- [YOUR OBJECTIVE] Leave out any picture and return the remaining listing below exactly as given.

- [DATA FOR REVIEW]
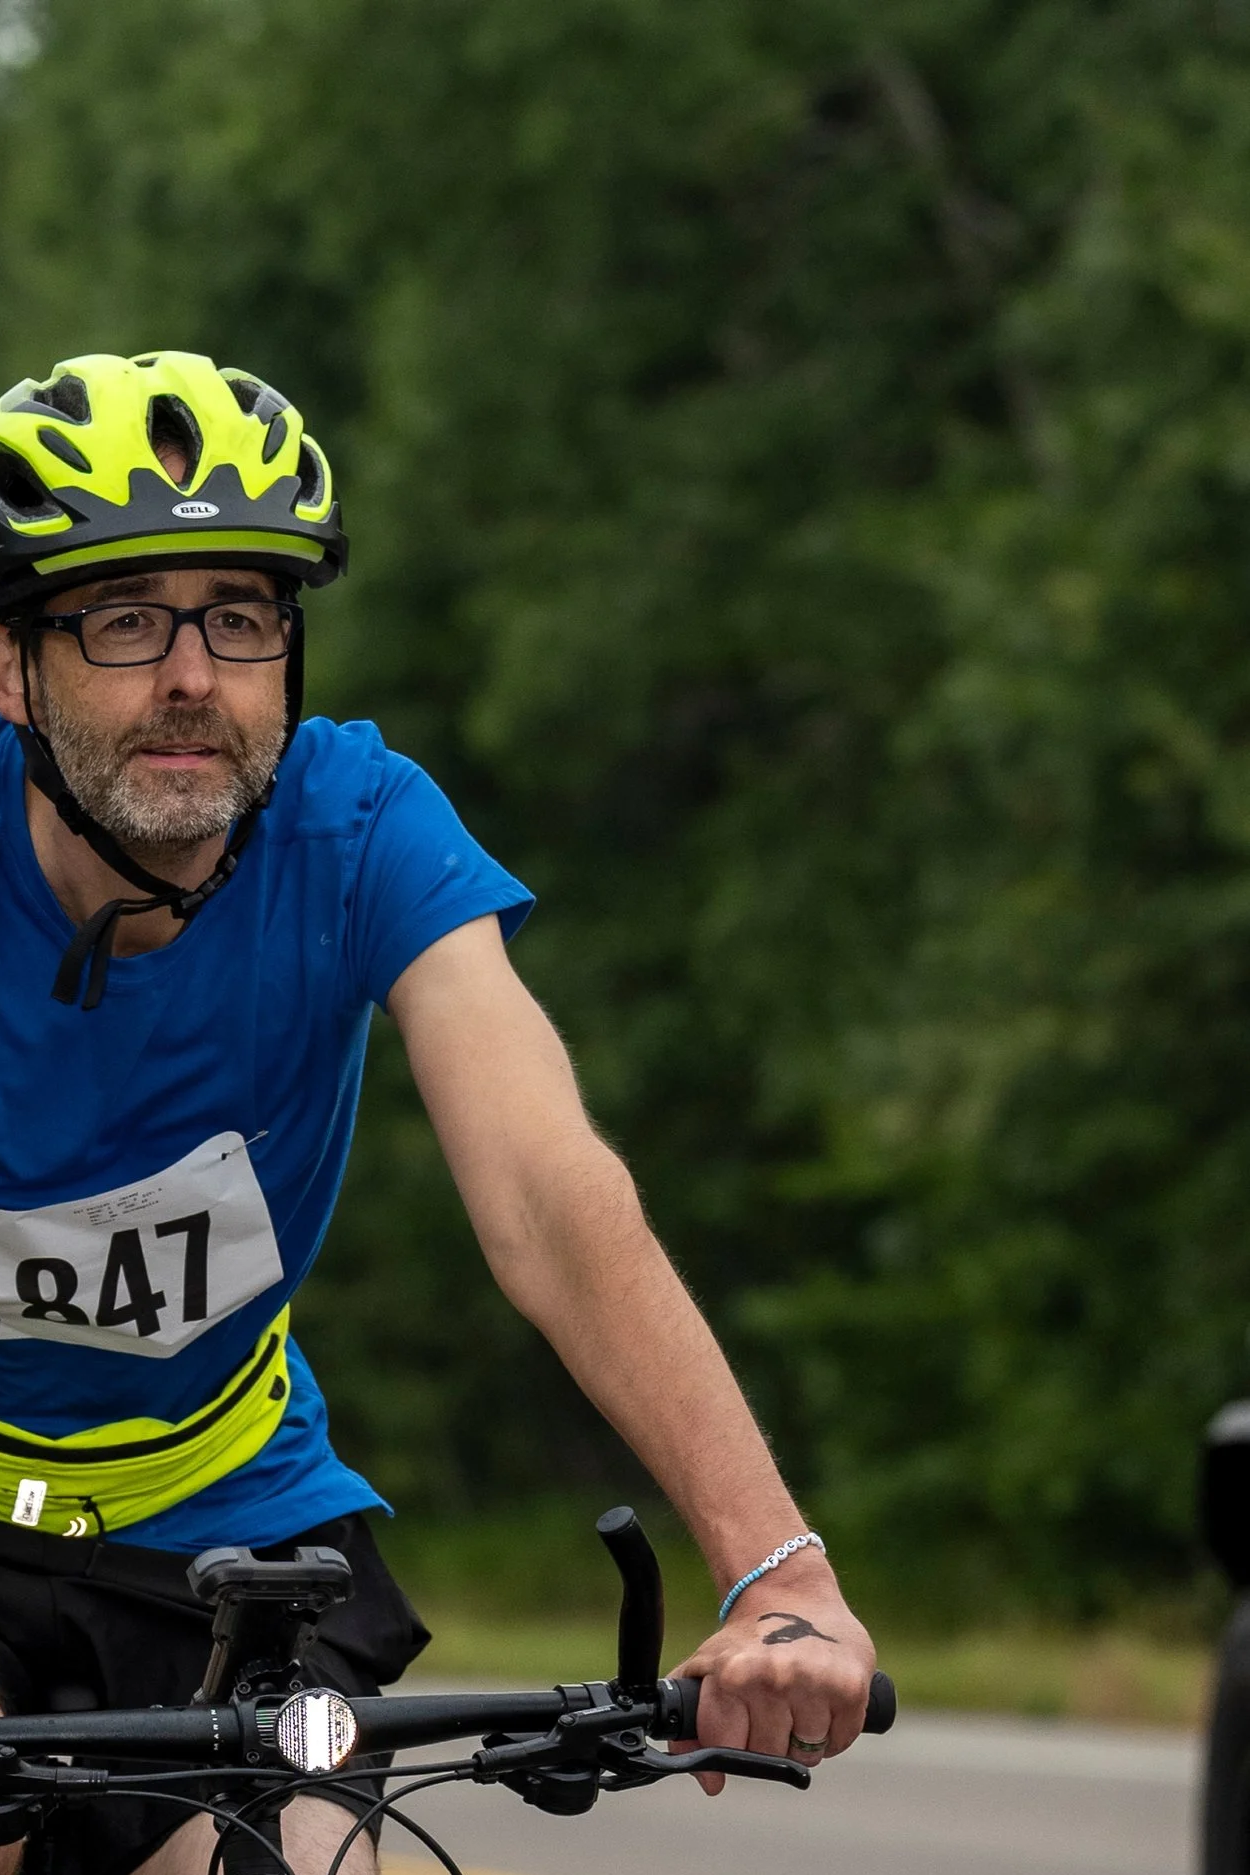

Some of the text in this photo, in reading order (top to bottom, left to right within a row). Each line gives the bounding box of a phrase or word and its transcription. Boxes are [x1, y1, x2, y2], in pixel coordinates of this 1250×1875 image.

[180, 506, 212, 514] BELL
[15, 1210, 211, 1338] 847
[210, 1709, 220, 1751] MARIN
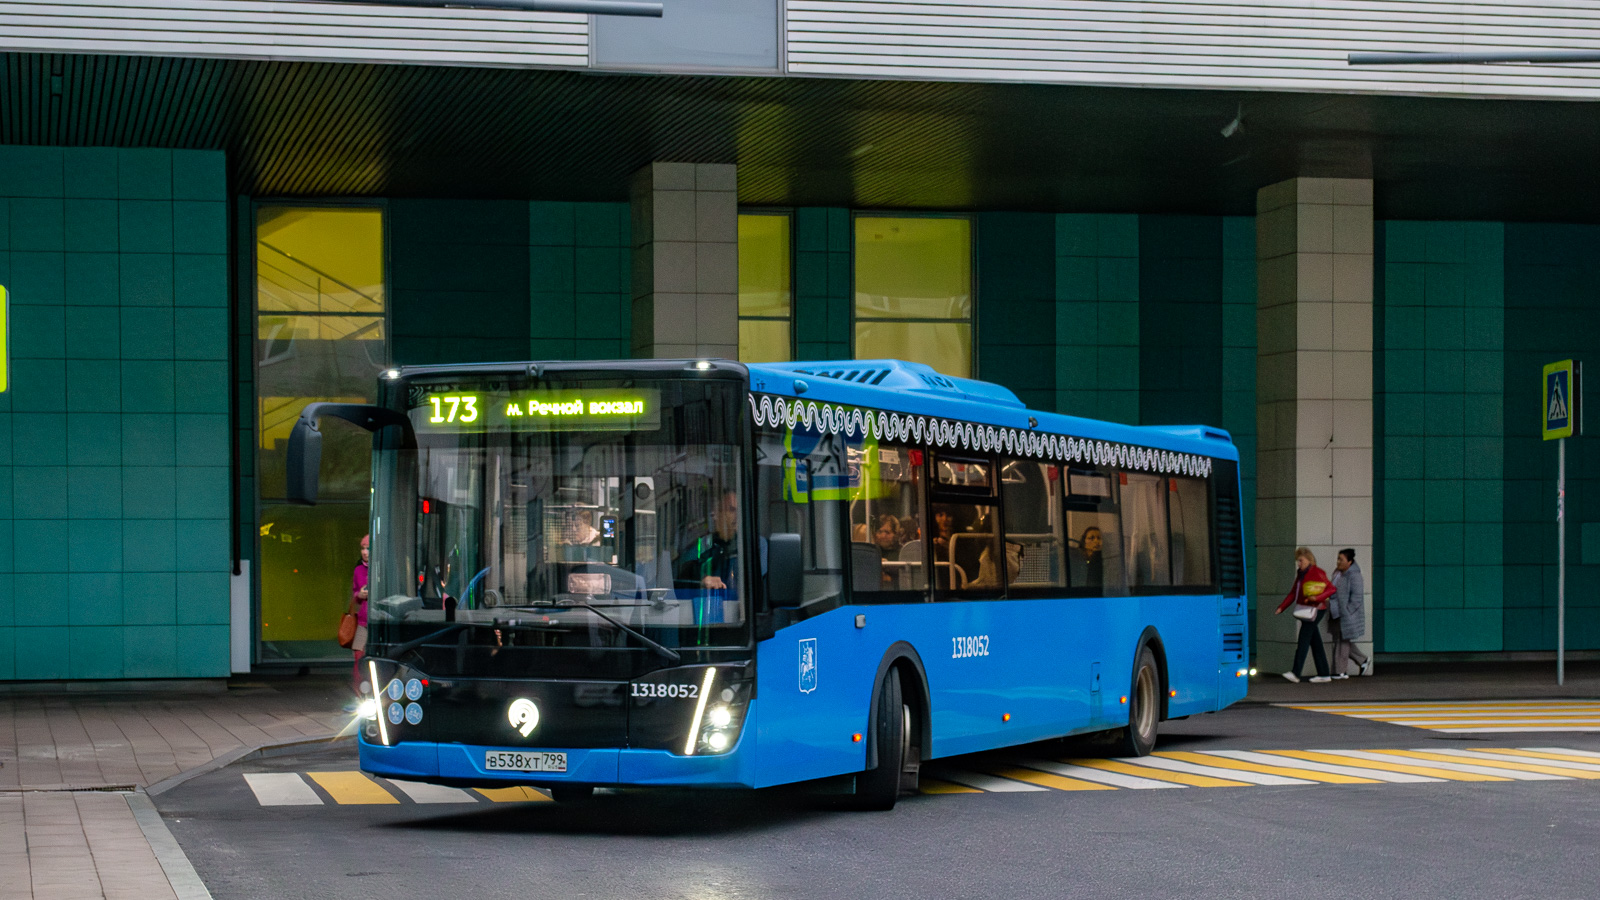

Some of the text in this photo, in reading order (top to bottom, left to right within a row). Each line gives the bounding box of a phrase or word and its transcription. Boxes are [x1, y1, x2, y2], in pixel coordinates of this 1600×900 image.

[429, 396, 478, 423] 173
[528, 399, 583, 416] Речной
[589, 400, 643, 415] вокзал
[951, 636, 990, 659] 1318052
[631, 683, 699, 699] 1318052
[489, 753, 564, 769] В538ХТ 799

- [TASK ANSWER]
Some of the text in this photo, in reading order (top to bottom, left to right within a row). Each line gives the bounding box of a phrase or word and its transcription. Boxes are [x1, y1, x2, y2], in pixel coordinates of this 1250×1875 image.

[180, 506, 212, 514] BELL
[15, 1210, 211, 1338] 847
[210, 1709, 220, 1751] MARIN

Some of the text in this photo, in reading order (top to bottom, left to right within a row). Each line gives the bounding box of a phrase or word and its transcription. Boxes are [x1, y1, x2, y2], in pixel coordinates of this 1600×900 image.

[429, 396, 478, 423] 173
[528, 399, 583, 416] Речной
[589, 400, 643, 415] вокзал
[951, 636, 990, 659] 1318052
[631, 683, 699, 699] 1318052
[489, 753, 564, 769] В538ХТ 799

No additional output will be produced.